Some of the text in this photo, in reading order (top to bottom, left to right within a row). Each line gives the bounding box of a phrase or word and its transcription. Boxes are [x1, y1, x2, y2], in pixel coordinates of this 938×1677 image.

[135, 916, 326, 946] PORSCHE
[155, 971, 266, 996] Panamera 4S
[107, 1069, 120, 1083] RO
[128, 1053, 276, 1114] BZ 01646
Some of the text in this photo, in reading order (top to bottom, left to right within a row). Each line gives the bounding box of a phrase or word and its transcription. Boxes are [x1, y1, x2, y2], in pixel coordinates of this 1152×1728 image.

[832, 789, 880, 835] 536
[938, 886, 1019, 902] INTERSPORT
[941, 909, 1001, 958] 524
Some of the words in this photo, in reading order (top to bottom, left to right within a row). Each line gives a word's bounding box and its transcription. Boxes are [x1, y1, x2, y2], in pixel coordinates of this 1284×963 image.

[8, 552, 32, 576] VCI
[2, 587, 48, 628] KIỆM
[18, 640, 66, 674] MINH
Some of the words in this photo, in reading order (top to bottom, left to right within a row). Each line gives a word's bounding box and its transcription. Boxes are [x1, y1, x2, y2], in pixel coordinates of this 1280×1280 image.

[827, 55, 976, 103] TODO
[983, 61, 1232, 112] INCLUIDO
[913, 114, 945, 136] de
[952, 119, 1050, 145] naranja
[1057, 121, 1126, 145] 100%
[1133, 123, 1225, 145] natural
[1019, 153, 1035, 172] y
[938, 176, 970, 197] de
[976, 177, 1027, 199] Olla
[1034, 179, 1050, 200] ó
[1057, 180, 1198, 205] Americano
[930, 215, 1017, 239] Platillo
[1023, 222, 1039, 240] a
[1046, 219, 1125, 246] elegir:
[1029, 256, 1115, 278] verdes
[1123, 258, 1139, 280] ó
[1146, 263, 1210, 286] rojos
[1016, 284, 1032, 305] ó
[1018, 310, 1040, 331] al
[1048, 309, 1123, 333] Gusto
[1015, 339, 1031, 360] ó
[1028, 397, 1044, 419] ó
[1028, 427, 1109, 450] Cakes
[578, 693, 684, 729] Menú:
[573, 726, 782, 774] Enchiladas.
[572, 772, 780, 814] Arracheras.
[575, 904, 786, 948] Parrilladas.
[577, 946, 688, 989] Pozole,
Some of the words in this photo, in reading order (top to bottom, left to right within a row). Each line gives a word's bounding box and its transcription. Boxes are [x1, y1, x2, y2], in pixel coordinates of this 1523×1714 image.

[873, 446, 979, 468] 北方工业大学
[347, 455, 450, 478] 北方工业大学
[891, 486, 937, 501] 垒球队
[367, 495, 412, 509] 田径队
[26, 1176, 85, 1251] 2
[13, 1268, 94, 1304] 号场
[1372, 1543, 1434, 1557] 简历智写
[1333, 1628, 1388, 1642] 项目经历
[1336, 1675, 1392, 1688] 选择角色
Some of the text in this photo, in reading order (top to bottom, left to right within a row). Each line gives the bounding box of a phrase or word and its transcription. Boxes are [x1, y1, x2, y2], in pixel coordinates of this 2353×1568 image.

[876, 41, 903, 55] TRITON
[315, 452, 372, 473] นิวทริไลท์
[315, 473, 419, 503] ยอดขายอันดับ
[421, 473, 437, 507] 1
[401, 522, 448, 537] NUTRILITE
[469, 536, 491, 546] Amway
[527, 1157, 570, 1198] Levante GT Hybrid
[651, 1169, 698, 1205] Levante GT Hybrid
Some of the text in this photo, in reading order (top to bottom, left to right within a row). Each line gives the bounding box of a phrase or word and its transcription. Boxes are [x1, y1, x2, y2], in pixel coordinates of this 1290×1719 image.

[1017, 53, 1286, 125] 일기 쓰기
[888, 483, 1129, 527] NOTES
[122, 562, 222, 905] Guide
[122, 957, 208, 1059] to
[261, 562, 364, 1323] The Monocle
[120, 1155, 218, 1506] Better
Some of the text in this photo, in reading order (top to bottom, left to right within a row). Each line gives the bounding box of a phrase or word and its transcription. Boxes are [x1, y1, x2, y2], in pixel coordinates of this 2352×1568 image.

# # # # #

Task brief — Return the material in full. Each line must match.

Exercise answer —
Some of the text in this photo, in reading order (top to bottom, left to right within a row). Each line gives the bounding box of a phrase or word and its transcription. Boxes are [x1, y1, x2, y2], in pixel coordinates of this 938×1677 image.

[135, 916, 326, 946] PORSCHE
[155, 971, 266, 996] Panamera 4S
[107, 1069, 120, 1083] RO
[128, 1053, 276, 1114] BZ 01646
Some of the text in this photo, in reading order (top to bottom, left to right within a row). Each line gives the bounding box of a phrase or word and its transcription. Boxes are [x1, y1, x2, y2], in pixel coordinates of this 1152×1728 image.

[832, 789, 880, 835] 536
[938, 886, 1019, 902] INTERSPORT
[941, 909, 1001, 958] 524
Some of the words in this photo, in reading order (top to bottom, left to right within a row). Each line gives a word's bounding box and its transcription. Boxes are [x1, y1, x2, y2], in pixel coordinates of this 1284×963 image.

[8, 552, 32, 576] VCI
[2, 587, 48, 628] KIỆM
[18, 640, 66, 674] MINH
Some of the words in this photo, in reading order (top to bottom, left to right within a row). Each line gives a word's bounding box and its transcription. Boxes are [x1, y1, x2, y2], in pixel coordinates of this 1280×1280 image.

[827, 55, 976, 103] TODO
[983, 61, 1232, 112] INCLUIDO
[913, 114, 945, 136] de
[952, 119, 1050, 145] naranja
[1057, 121, 1126, 145] 100%
[1133, 123, 1225, 145] natural
[1019, 153, 1035, 172] y
[938, 176, 970, 197] de
[976, 177, 1027, 199] Olla
[1034, 179, 1050, 200] ó
[1057, 180, 1198, 205] Americano
[930, 215, 1017, 239] Platillo
[1023, 222, 1039, 240] a
[1046, 219, 1125, 246] elegir:
[1029, 256, 1115, 278] verdes
[1123, 258, 1139, 280] ó
[1146, 263, 1210, 286] rojos
[1016, 284, 1032, 305] ó
[1018, 310, 1040, 331] al
[1048, 309, 1123, 333] Gusto
[1015, 339, 1031, 360] ó
[1028, 397, 1044, 419] ó
[1028, 427, 1109, 450] Cakes
[578, 693, 684, 729] Menú:
[573, 726, 782, 774] Enchiladas.
[572, 772, 780, 814] Arracheras.
[575, 904, 786, 948] Parrilladas.
[577, 946, 688, 989] Pozole,
Some of the words in this photo, in reading order (top to bottom, left to right within a row). Each line gives a word's bounding box and its transcription. Boxes are [x1, y1, x2, y2], in pixel coordinates of this 1523×1714 image.

[873, 446, 979, 468] 北方工业大学
[347, 455, 450, 478] 北方工业大学
[891, 486, 937, 501] 垒球队
[367, 495, 412, 509] 田径队
[26, 1176, 85, 1251] 2
[13, 1268, 94, 1304] 号场
[1372, 1543, 1434, 1557] 简历智写
[1333, 1628, 1388, 1642] 项目经历
[1336, 1675, 1392, 1688] 选择角色
Some of the text in this photo, in reading order (top to bottom, left to right within a row). Each line gives the bounding box of a phrase or word and its transcription. Boxes are [x1, y1, x2, y2], in pixel coordinates of this 2353×1568 image.

[876, 41, 903, 55] TRITON
[315, 452, 372, 473] นิวทริไลท์
[315, 473, 419, 503] ยอดขายอันดับ
[421, 473, 437, 507] 1
[401, 522, 448, 537] NUTRILITE
[469, 536, 491, 546] Amway
[527, 1157, 570, 1198] Levante GT Hybrid
[651, 1169, 698, 1205] Levante GT Hybrid
Some of the text in this photo, in reading order (top to bottom, left to right within a row). Each line gives the bounding box of a phrase or word and its transcription. Boxes are [x1, y1, x2, y2], in pixel coordinates of this 1290×1719 image.

[1017, 53, 1286, 125] 일기 쓰기
[888, 483, 1129, 527] NOTES
[122, 562, 222, 905] Guide
[122, 957, 208, 1059] to
[261, 562, 364, 1323] The Monocle
[120, 1155, 218, 1506] Better
Some of the text in this photo, in reading order (top to bottom, left to right within a row). Each line gives the bounding box of a phrase or word and its transcription. Boxes are [x1, y1, x2, y2], in pixel coordinates of this 2352×1568 image.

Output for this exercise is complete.